(Previously published on July 17, 2009. After reading Hooked on Houses' most recent blog "The Truth about 'House Hunter's' on HGTV", this entry was just begging to be re-posted!)
Ok, so it’s not really a secret.
But I think it’s time to shed some light on what really goes on behind the scenes of your typical HGTV design show, because honestly, I’m tired of the perception that design experts should be able to just whip up a solution to any given problem at a moment’s notice. Do you expect your doctor to finish up your open heart surgery in ten minutes because that’s how quickly you saw it done on the Discovery Channel? I know, I know - picking out colors for your master bedroom isn’t exactly heart surgery, but it also isn’t quite as quick and simple as the typical home makeover show would like you to believe.
Take this “Divine Design” makeover by Candice Olson (and team), for example:
“...I designed some mission-style cabinetry with a media center and storage...”
“I went for a layered look: gray/pewter damask on the duvet and shams, metallic fabrics for the bedskirt and pillows, and soft linen fabric with a glittery metallic thread on the headboard...”
“I created a traditional valance and drapes of luxurious silk...”
“I covered up the unsightly radiator with a long, white box cover...”
“I added a touch of the whimsical by putting up fabulous mirrors along one wall that were handmade using a surface etching technique; these mirrors were made to resemble the damask pattern on the couple's bed.”
I don’t know about you, but this project seems like quite an undertaking! Custom bedding and window treatments? Custom built-ins and a radiator cover? Custom mirrors with a “surface etching technique”?!?

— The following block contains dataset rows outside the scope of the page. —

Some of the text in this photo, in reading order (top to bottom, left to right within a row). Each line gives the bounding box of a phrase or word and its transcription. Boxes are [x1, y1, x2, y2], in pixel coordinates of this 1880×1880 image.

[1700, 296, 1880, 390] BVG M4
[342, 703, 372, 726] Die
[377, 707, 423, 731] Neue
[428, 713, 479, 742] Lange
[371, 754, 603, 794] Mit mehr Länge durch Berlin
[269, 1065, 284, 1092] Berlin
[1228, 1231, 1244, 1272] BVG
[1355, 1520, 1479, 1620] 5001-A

Now, I know that Candice Olson and the producers are not claiming that the designs are completed in just half an hour. That would be preposterous. But they aren’t telling the viewer there is no way in hell this would ever be completed in half an hour - you’ll be lucky if you can have this project finished in 3 months!

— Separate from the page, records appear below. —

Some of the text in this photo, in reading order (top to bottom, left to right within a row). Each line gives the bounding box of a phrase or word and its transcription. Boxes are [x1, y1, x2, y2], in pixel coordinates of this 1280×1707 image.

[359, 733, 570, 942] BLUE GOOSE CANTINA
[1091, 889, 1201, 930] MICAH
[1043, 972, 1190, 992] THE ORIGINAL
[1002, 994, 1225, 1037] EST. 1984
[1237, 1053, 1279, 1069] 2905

As someone who’s been behind the scenes on a few makeover shows, I feel it is my obligation to homeowners, renters and designers to tell it like it really is.
First, these shows begin with the search for the “perfect” home and the “perfect” homeowners. The home must be large enough to shoot in, and the homeowners must be willing to pretty much let the crew do whatever they want. Sometimes the homeowners must also fork out some of their own cash to help pay for the “free” makeover. The homeowners themselves must be perky and likable characters, and be absolutely thrilled at the prospect of being featured on a television show. (Finding these homeowners is not always an easy task.)

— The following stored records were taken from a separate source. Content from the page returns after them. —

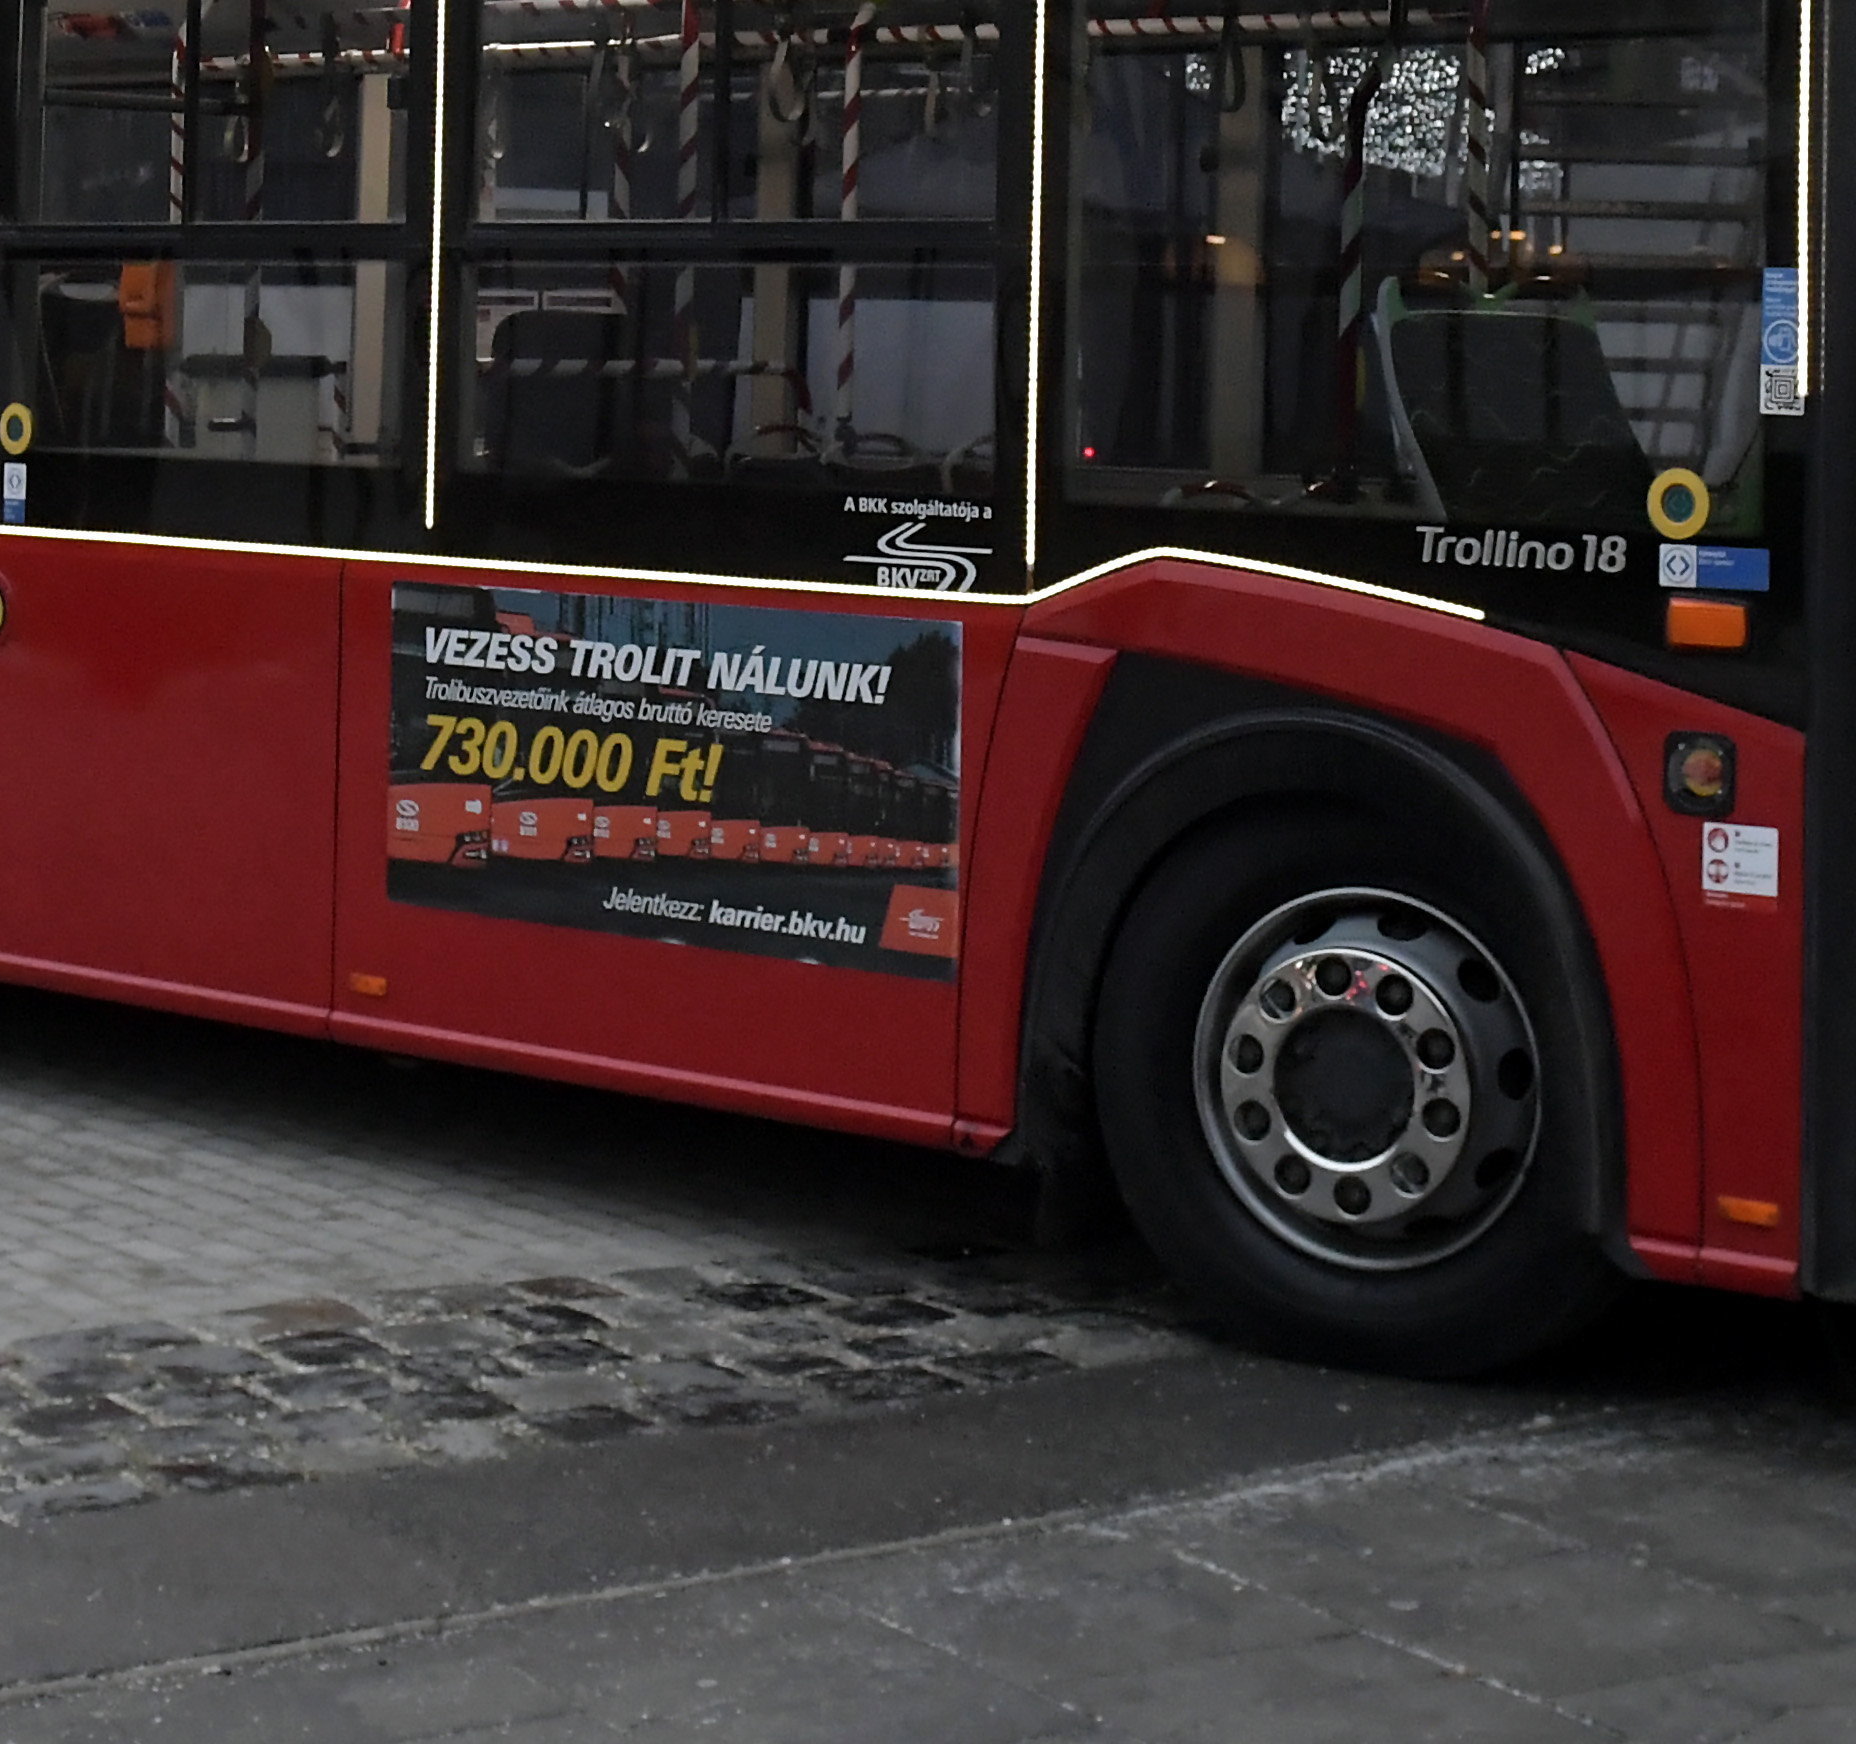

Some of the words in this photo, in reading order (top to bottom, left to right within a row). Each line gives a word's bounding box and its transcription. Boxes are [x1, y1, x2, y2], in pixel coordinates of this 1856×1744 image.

[843, 496, 856, 512] A
[858, 497, 888, 514] BKK
[890, 498, 979, 523] szolgáltatója
[982, 506, 992, 519] a
[1415, 525, 1575, 572] Trollino
[1582, 534, 1628, 574] 18
[424, 626, 558, 675] VEZESS
[568, 639, 701, 688] TROLIT
[707, 644, 893, 705] NÁLUNK!
[424, 676, 569, 714] Trolibuszvezetőink
[572, 689, 634, 724] átlagos
[637, 697, 693, 726] bruttó
[695, 707, 774, 735] keresete
[420, 713, 633, 793] 730.000
[645, 737, 724, 803] Ft!
[603, 886, 705, 922] Jelentkezz:
[708, 900, 867, 945] karrier.bkv.hu

Next, the design concepts are developed by a team of people - art department, producers, production assistants, consultants, hosts, nannies, caterers...anyone in the vicinity of the show’s development can be a knowing or unknowing contributor to design ideas. And, believe it or not, the host of a show is sometimes not even involved in the design.
After the design concepts are developed (which can take weeks or even months, by the way) the craziness begins. There is usually a very small budget and never enough time. The producers put their team of people to work fast and furiously. Stylists purchase props by the truckload. Production assistants take measurements and design consultants draw floor plans. “Before” photos are taken (always in poor lighting for maximum “before and after” effect.) And the script is written. Yes, there is a script. Not always a good one, but it exists.
Finally, production and filming begins. More craziness ensues. Hair and makeup people? Check. Catering? Check. Filming permits? Uh-oh. Who forgot to get a permit? Well, we can just try to shoot without one and hope no one stops us. Lighting, props, construction crew, stylists, homeowners, pets, sponsors, etc., etc., etc. Needless to say, the shooting itself doesn’t happen in half an hour either. A one room makeover show can easily take several days to shoot. And I won’t even begin to get into post-production and re-shoots.
With all this said, is HGTV a friend or foe of the design world? It is a friend in the sense that it has connected with millions of viewers and given them a general sense of DIY confidence (along with a Cliff Notes version of design education.) But at the same time, HGTV has also given viewers a distorted perception of reality. And that can be a huge detriment to the design world. It seems that as long as viewers keep in mind that HGTV is a business, and that its main objective is to entertain, HGTV shows are relatively harmless. But the second that a viewer perceives the show as a realistic representation of what happens during an actual “makeover”, HGTV becomes a very unlikeable foe - one that off-camera designers can have a difficult time debunking.
So, go ahead and watch your favorite makeover shows. Just remember, while you are witnessing entire kitchen remodels taking place before your very eyes that a real world designer is going to need a more than half an hour to develop a real world kitchen.